2. Het tweede geding in cassatie
Belanghebbende heeft tegen ’s Hofs uitspraak beroep in cassatie ingesteld. Het beroepschrift in cassatie is aan dit arrest gehecht en maakt daarvan deel uit.
De Staatssecretaris van Financiën heeft een verweerschrift ingediend.
Belanghebbende heeft een conclusie van repliek ingediend.
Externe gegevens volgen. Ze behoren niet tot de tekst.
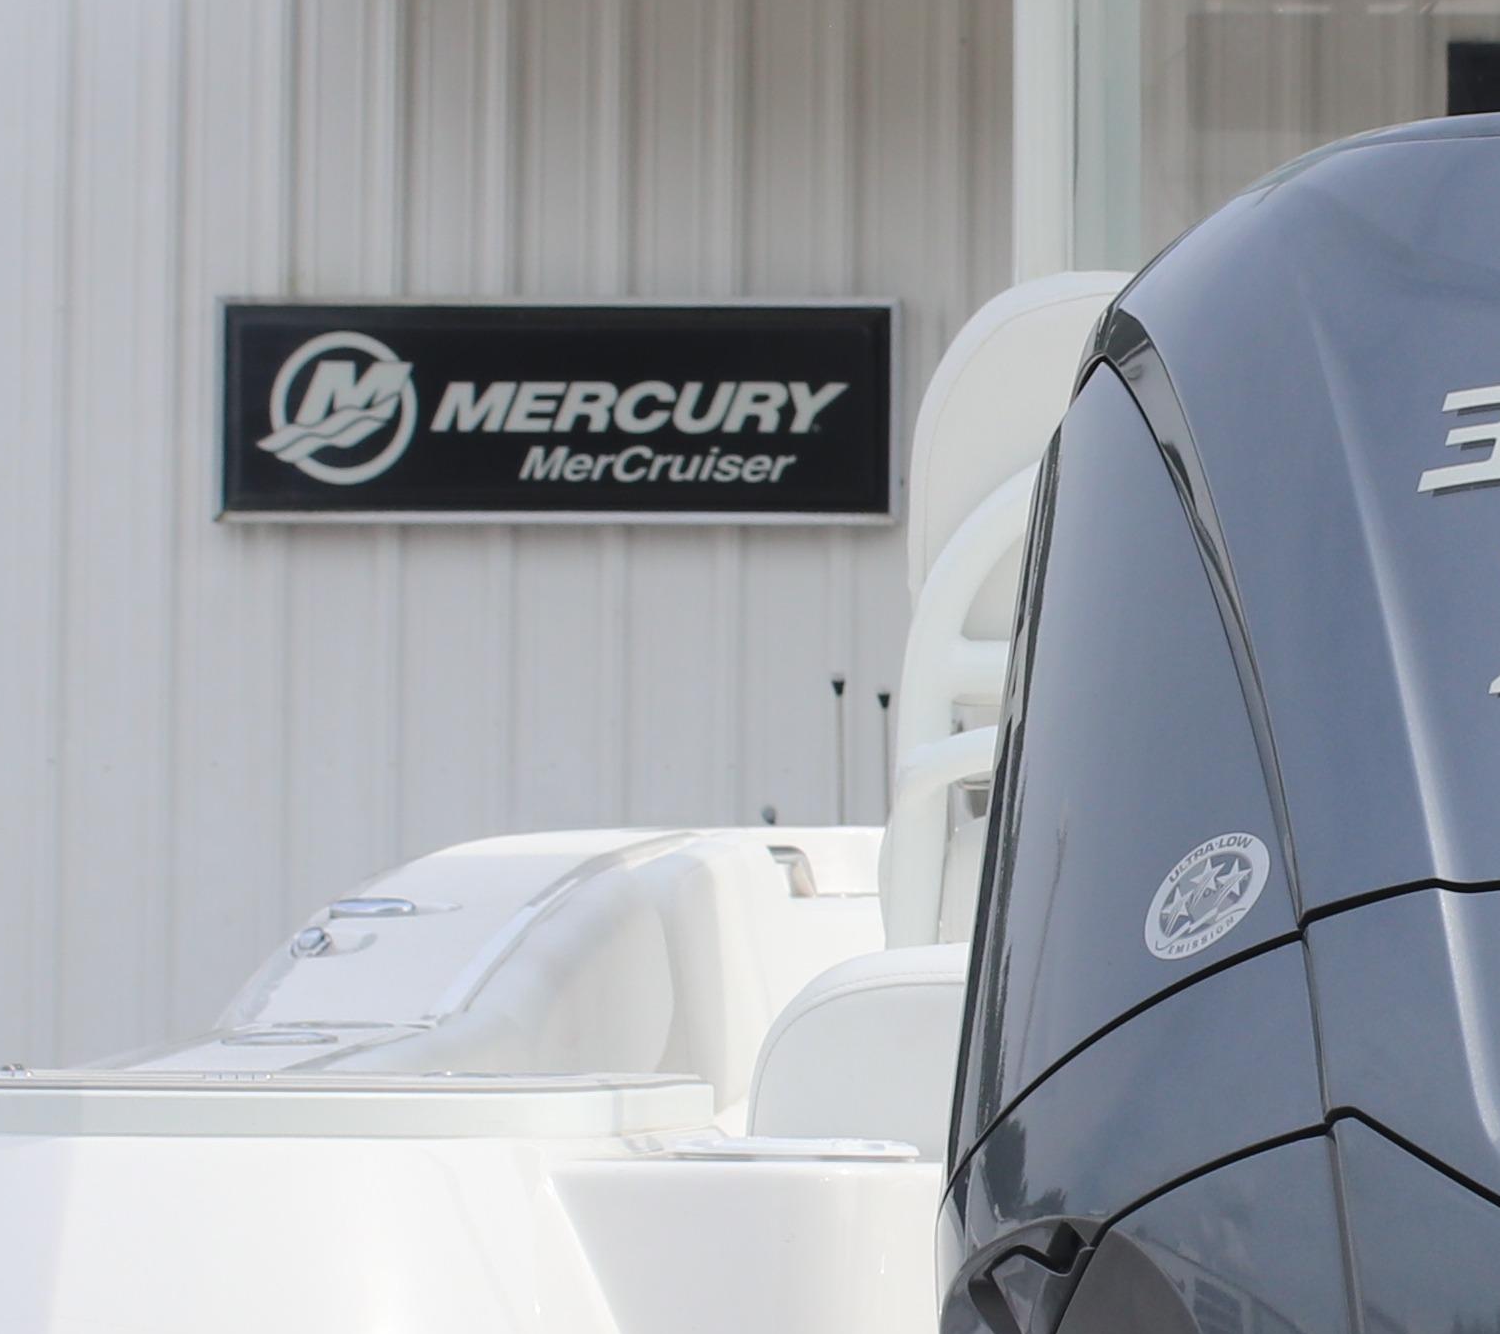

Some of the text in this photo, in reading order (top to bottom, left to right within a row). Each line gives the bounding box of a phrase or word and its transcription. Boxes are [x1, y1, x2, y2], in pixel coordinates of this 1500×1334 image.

[430, 381, 848, 433] MERCURY
[519, 445, 796, 483] MerCruiser
[1168, 916, 1234, 955] EMISSION
3. Beoordeling van het middel
3.1.
De bestreden boeten en verhogingen (hierna tezamen: boeten) houden verband met het zogenoemde Rekeningenproject.
3.2.1.
Gelet op hetgeen in de onderdelen 3.5.1, 3.6, 3.7.1 en 3.8.4 van het arrest van de Hoge Raad van 28 juni 2013, nr. 11/04152, ECLI:NL:HR:2013:63, BNB 2013/207 (hierna: het arrest van 28 juni 2013) is overwogen, slaagt het middel. Belanghebbendes tegoed bij de Kredietbank Luxembourg op 31 januari 1994 bedroeg immers minder dan ƒ 100.000 en is derhalve niet aan te merken als aanzienlijk, zoals bedoeld in onderdeel 3.5.1 van het arrest van 28 juni 2013.
3.2.2.
De uitspraak van het Hof en de stukken van het geding bevatten geen aanwijzingen dat de Inspecteur het bewijs van een beboetbaar feit op andere wijze dan door middel van een bewijsvermoeden heeft geleverd, zoals bedoeld in onderdeel 3.8.5 van het arrest van 28 juni 2013.
3.3.
Gelet op het hiervoor in onderdeel 3.2 overwogene kan ’s Hofs uitspraak niet in stand blijven. De Hoge Raad kan de zaak afdoen. De verhogingen dienen te worden kwijtgescholden en de boetebeschikkingen dienen te worden vernietigd.
4. Proceskosten
De Staatssecretaris zal worden veroordeeld in de kosten van het geding in cassatie en de Inspecteur in de kosten van het geding voor het Hof.
5. Beslissing
De Hoge Raad:
verklaart het beroep in cassatie gegrond,
vernietigt de uitspraak van het Hof, doch uitsluitend wat betreft de opgelegde verhogingen en boeten,
vernietigt de uitspraken van de Inspecteur inzake die verhogingen en boeten,
scheldt de verhogingen kwijt,
vernietigt de boetebeschikkingen,
gelast dat de Staat aan belanghebbende vergoedt het door deze ter zake van de behandeling van het beroep in cassatie betaalde griffierecht ten bedrage van € 115,
veroordeelt de Staatssecretaris van Financiën in de kosten van het geding in cassatie aan de zijde van belanghebbende, vastgesteld op € 1948 voor beroepsmatig verleende rechtsbijstand, en
veroordeelt de Inspecteur in de kosten van het geding voor het Hof aan de zijde van belanghebbende, vastgesteld op € 974 voor beroepsmatig verleende rechtsbijstand.
Dit arrest is gewezen door de raadsheer C. Schaap als voorzitter, en de raadsheren M.A. Fierstra en Th. Groeneveld, in tegenwoordigheid van de waarnemend griffier F. Treuren, en in het openbaar uitgesproken op 24 januari 2014.